» **Problem details**
Every record must come back unchanged, apart from the pictures, which are dropped.

Source material section start

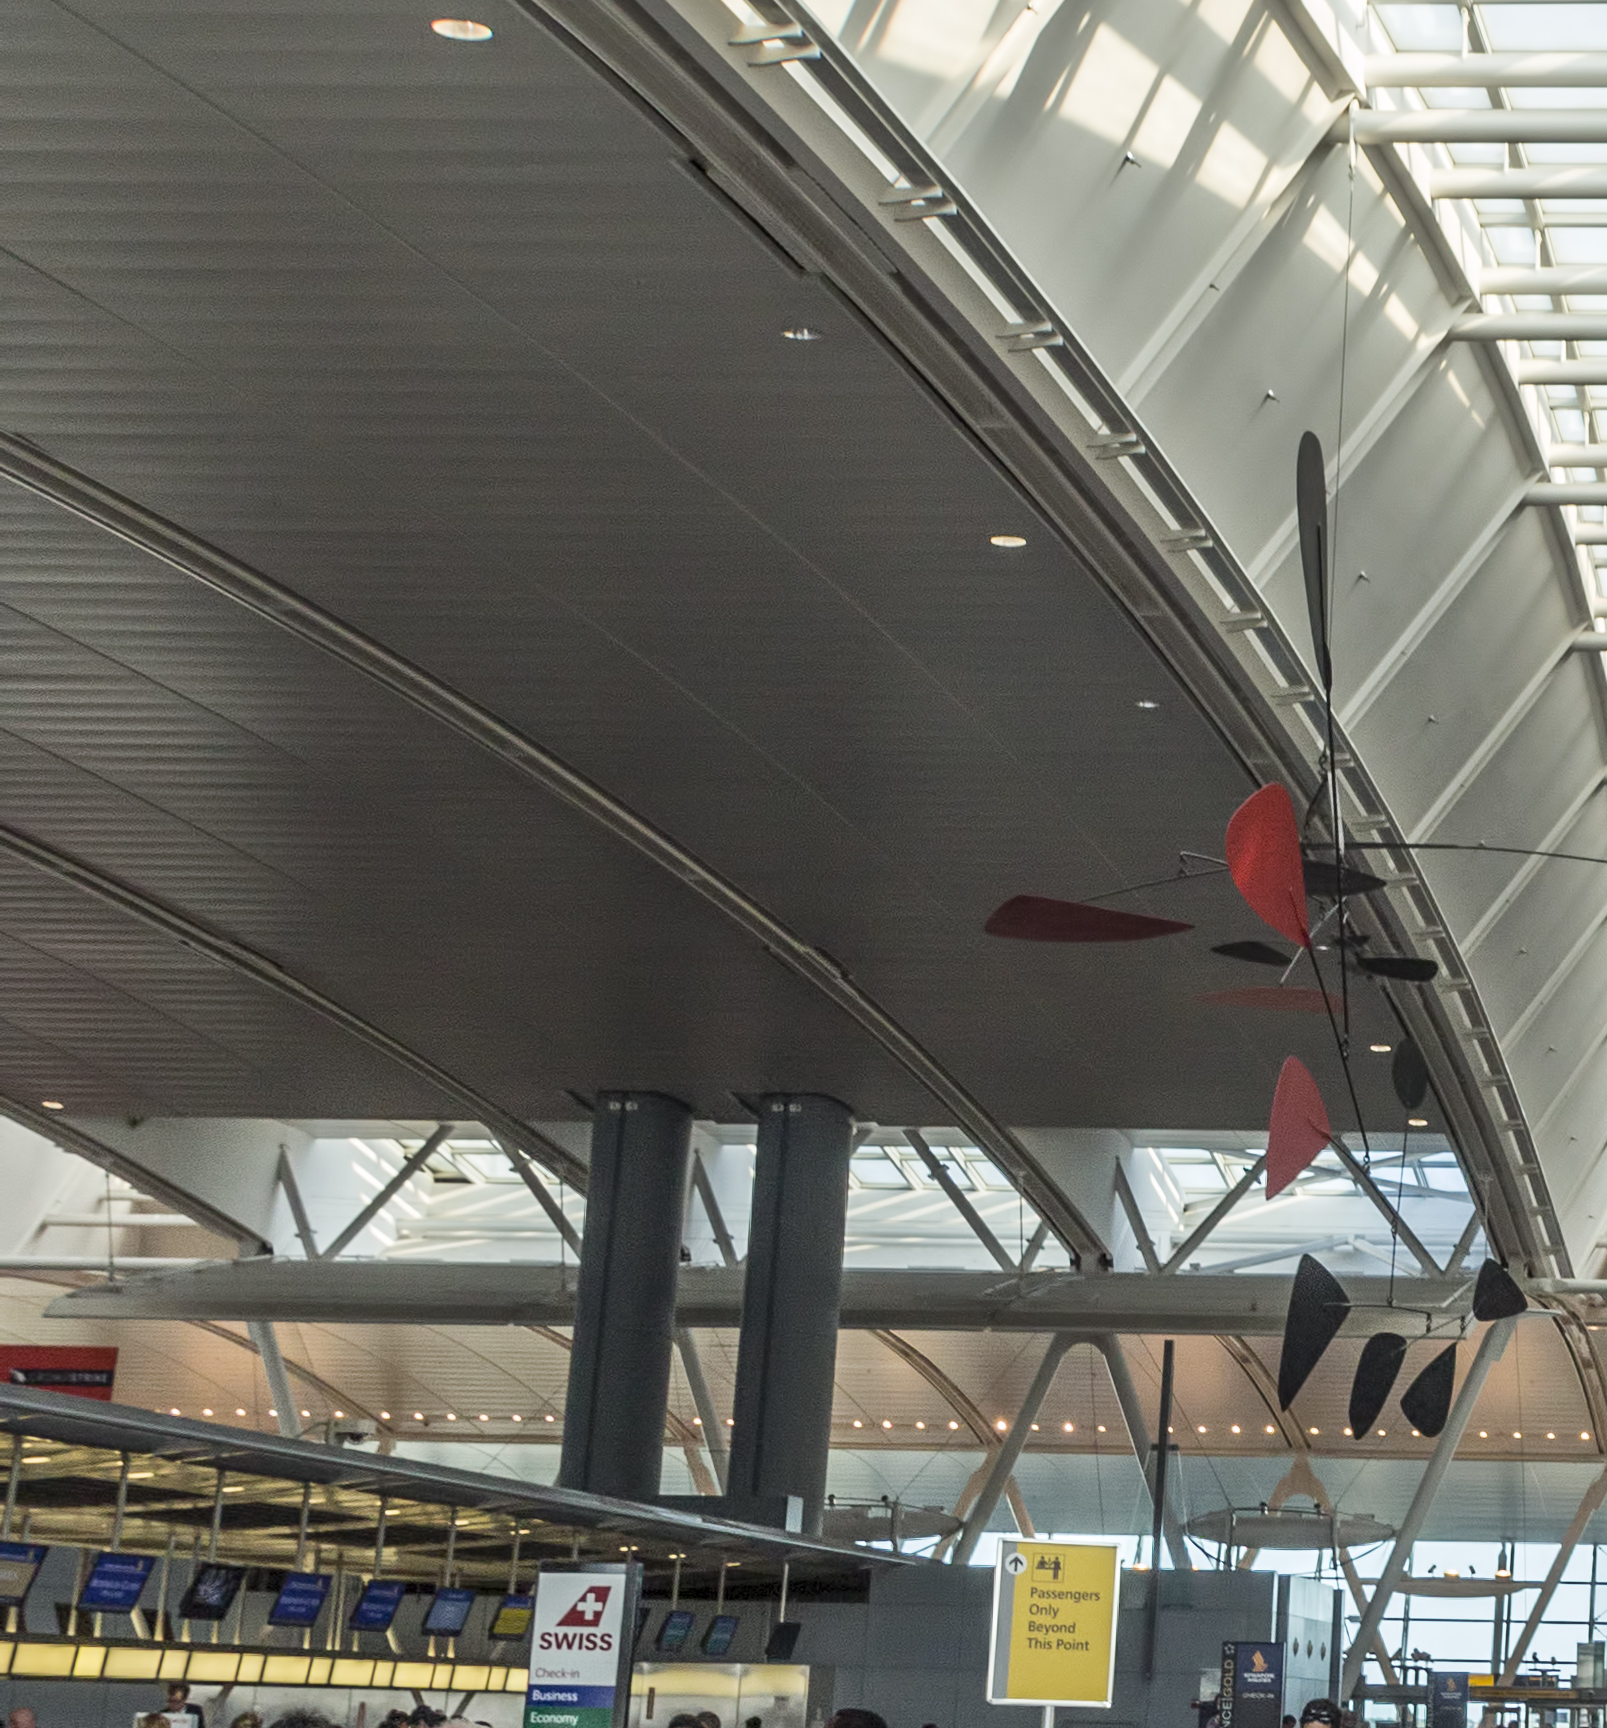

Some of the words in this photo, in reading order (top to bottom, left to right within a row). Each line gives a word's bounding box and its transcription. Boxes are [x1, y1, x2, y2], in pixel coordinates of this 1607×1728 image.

[1030, 1587, 1100, 1603] Passengers
[1029, 1603, 1059, 1618] Only
[1028, 1621, 1076, 1635] Beyond
[539, 1632, 613, 1651] SWISS
[1027, 1637, 1052, 1650] This
[1056, 1638, 1090, 1651] Point
[535, 1667, 580, 1679] Check-in
[532, 1689, 579, 1702] Business
[530, 1711, 579, 1726] Economy

Source material section end

» **Completed task**
Some of the words in this photo, in reading order (top to bottom, left to right within a row). Each line gives a word's bounding box and its transcription. Boxes are [x1, y1, x2, y2], in pixel coordinates of this 1607×1728 image.

[1030, 1587, 1100, 1603] Passengers
[1029, 1603, 1059, 1618] Only
[1028, 1621, 1076, 1635] Beyond
[539, 1632, 613, 1651] SWISS
[1027, 1637, 1052, 1650] This
[1056, 1638, 1090, 1651] Point
[535, 1667, 580, 1679] Check-in
[532, 1689, 579, 1702] Business
[530, 1711, 579, 1726] Economy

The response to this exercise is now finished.